▸ The task
The pictures do not go in the copy. Reproduce the rest of the entries exactly.

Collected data
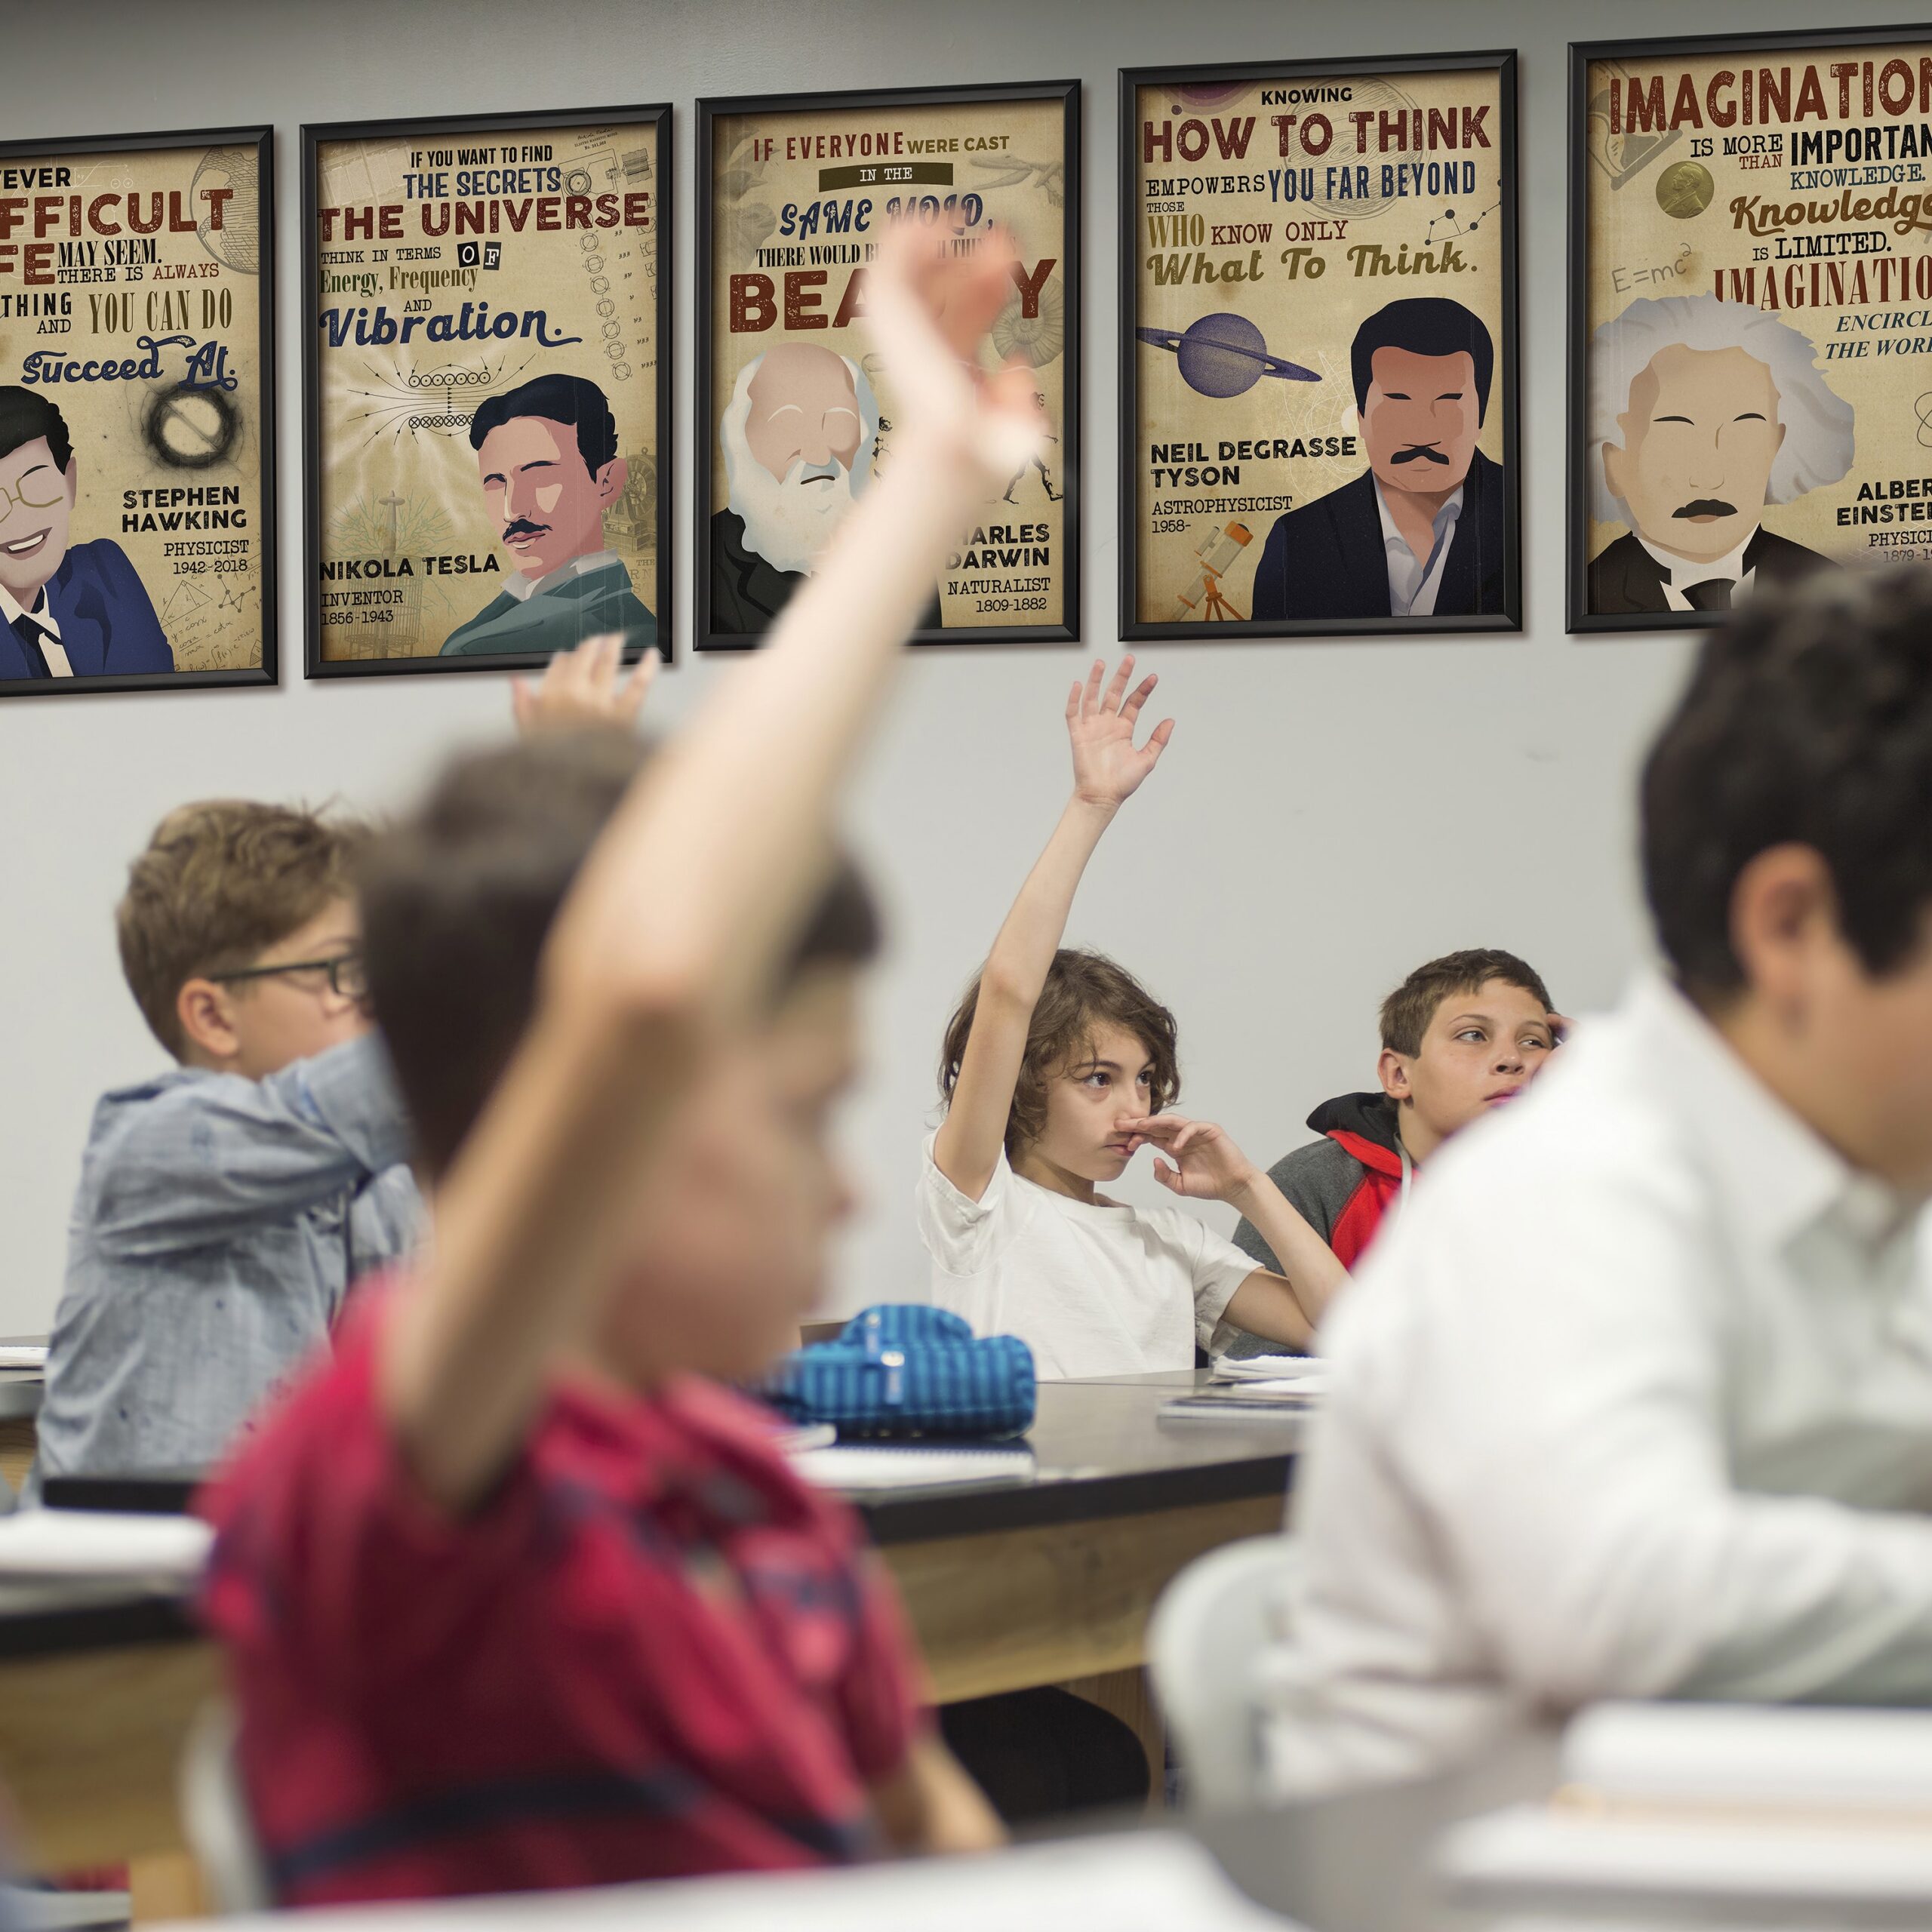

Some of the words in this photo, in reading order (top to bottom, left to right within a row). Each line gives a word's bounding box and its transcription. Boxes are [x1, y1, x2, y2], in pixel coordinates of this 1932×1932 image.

[1261, 87, 1352, 106] KNOWING
[1144, 116, 1257, 163] HOW
[1271, 113, 1333, 157] TO
[1349, 106, 1491, 154] THINK
[1690, 138, 1714, 158] IS
[1723, 134, 1783, 155] MORE
[411, 152, 423, 168] IF
[427, 150, 453, 168] YOU
[457, 148, 497, 166] WANT
[500, 147, 518, 164] TO
[521, 145, 553, 163] FIND
[754, 139, 774, 162] IF
[786, 131, 904, 161] EVERYONE
[907, 137, 958, 154] WERE
[964, 136, 1010, 152] CAST
[1739, 153, 1782, 170] THAN
[0, 168, 71, 189] EVER
[402, 173, 449, 199] THE
[456, 167, 561, 196] SECRETS
[860, 169, 877, 182] IN
[884, 167, 912, 181] THE
[1146, 174, 1266, 197] EMPOWERS
[1268, 168, 1314, 202] YOU
[1327, 165, 1369, 200] FAR
[1382, 161, 1476, 198] BEYOND
[1790, 164, 1927, 190] KNOWLEDGE.
[318, 205, 405, 242] THE
[421, 192, 650, 237] UNIVERSE
[1146, 201, 1185, 213] THOSE
[779, 198, 872, 240] SAME
[1147, 214, 1204, 248] WHO
[1211, 223, 1273, 246] KNOW
[1285, 220, 1349, 242] ONLY
[58, 240, 98, 268] MAY
[104, 238, 162, 265] SEEM.
[321, 250, 364, 265] THINK
[372, 248, 389, 263] IN
[396, 247, 441, 262] TERMS
[756, 247, 805, 268] THERE
[809, 244, 860, 266] WOULD
[1752, 248, 1769, 261] IS
[1775, 231, 1892, 260] LIMITED.
[57, 267, 115, 285] THERE
[125, 266, 143, 281] IS
[152, 263, 220, 281] ALWAYS
[1146, 249, 1265, 286] What
[1281, 248, 1326, 280] To
[1346, 242, 1478, 277] Think.
[320, 269, 384, 298] Energy,
[389, 266, 478, 292] Frequency
[404, 300, 432, 312] AND
[730, 258, 1057, 334] BEAY
[1, 292, 72, 317] THING
[88, 293, 135, 334] YOU
[146, 290, 190, 332] CAN
[201, 288, 232, 330] DO
[36, 318, 72, 334] AND
[318, 302, 583, 348] Vibration.
[20, 334, 197, 385] Succeed
[1826, 341, 1870, 360] THE
[1150, 442, 1208, 464] NEIL
[1218, 436, 1357, 460] DEGRASSE
[1150, 466, 1241, 488] TYSON
[123, 485, 240, 509] STEPHEN
[1152, 496, 1293, 515] ASTROPHYSICIST
[122, 509, 248, 533] HAWKING
[1152, 520, 1192, 534] 1958-
[163, 539, 250, 557] PHYSICIST
[946, 547, 1050, 570] DARWIN
[1883, 549, 1932, 563] 1879-1
[173, 559, 248, 574] 1942-2018
[320, 558, 414, 581] NIKOLA
[423, 554, 500, 576] TESLA
[948, 577, 1051, 595] NATURALIST
[321, 589, 404, 608] INVENTOR
[976, 598, 1048, 612] 1809-1882
[321, 610, 394, 626] 1856-1943

▸ Exercise output
Some of the words in this photo, in reading order (top to bottom, left to right within a row). Each line gives a word's bounding box and its transcription. Boxes are [x1, y1, x2, y2], in pixel coordinates of this 1932×1932 image.

[1261, 87, 1352, 106] KNOWING
[1144, 116, 1257, 163] HOW
[1271, 113, 1333, 157] TO
[1349, 106, 1491, 154] THINK
[1690, 138, 1714, 158] IS
[1723, 134, 1783, 155] MORE
[411, 152, 423, 168] IF
[427, 150, 453, 168] YOU
[457, 148, 497, 166] WANT
[500, 147, 518, 164] TO
[521, 145, 553, 163] FIND
[754, 139, 774, 162] IF
[786, 131, 904, 161] EVERYONE
[907, 137, 958, 154] WERE
[964, 136, 1010, 152] CAST
[1739, 153, 1782, 170] THAN
[0, 168, 71, 189] EVER
[402, 173, 449, 199] THE
[456, 167, 561, 196] SECRETS
[860, 169, 877, 182] IN
[884, 167, 912, 181] THE
[1146, 174, 1266, 197] EMPOWERS
[1268, 168, 1314, 202] YOU
[1327, 165, 1369, 200] FAR
[1382, 161, 1476, 198] BEYOND
[1790, 164, 1927, 190] KNOWLEDGE.
[318, 205, 405, 242] THE
[421, 192, 650, 237] UNIVERSE
[1146, 201, 1185, 213] THOSE
[779, 198, 872, 240] SAME
[1147, 214, 1204, 248] WHO
[1211, 223, 1273, 246] KNOW
[1285, 220, 1349, 242] ONLY
[58, 240, 98, 268] MAY
[104, 238, 162, 265] SEEM.
[321, 250, 364, 265] THINK
[372, 248, 389, 263] IN
[396, 247, 441, 262] TERMS
[756, 247, 805, 268] THERE
[809, 244, 860, 266] WOULD
[1752, 248, 1769, 261] IS
[1775, 231, 1892, 260] LIMITED.
[57, 267, 115, 285] THERE
[125, 266, 143, 281] IS
[152, 263, 220, 281] ALWAYS
[1146, 249, 1265, 286] What
[1281, 248, 1326, 280] To
[1346, 242, 1478, 277] Think.
[320, 269, 384, 298] Energy,
[389, 266, 478, 292] Frequency
[404, 300, 432, 312] AND
[730, 258, 1057, 334] BEAY
[1, 292, 72, 317] THING
[88, 293, 135, 334] YOU
[146, 290, 190, 332] CAN
[201, 288, 232, 330] DO
[36, 318, 72, 334] AND
[318, 302, 583, 348] Vibration.
[20, 334, 197, 385] Succeed
[1826, 341, 1870, 360] THE
[1150, 442, 1208, 464] NEIL
[1218, 436, 1357, 460] DEGRASSE
[1150, 466, 1241, 488] TYSON
[123, 485, 240, 509] STEPHEN
[1152, 496, 1293, 515] ASTROPHYSICIST
[122, 509, 248, 533] HAWKING
[1152, 520, 1192, 534] 1958-
[163, 539, 250, 557] PHYSICIST
[946, 547, 1050, 570] DARWIN
[1883, 549, 1932, 563] 1879-1
[173, 559, 248, 574] 1942-2018
[320, 558, 414, 581] NIKOLA
[423, 554, 500, 576] TESLA
[948, 577, 1051, 595] NATURALIST
[321, 589, 404, 608] INVENTOR
[976, 598, 1048, 612] 1809-1882
[321, 610, 394, 626] 1856-1943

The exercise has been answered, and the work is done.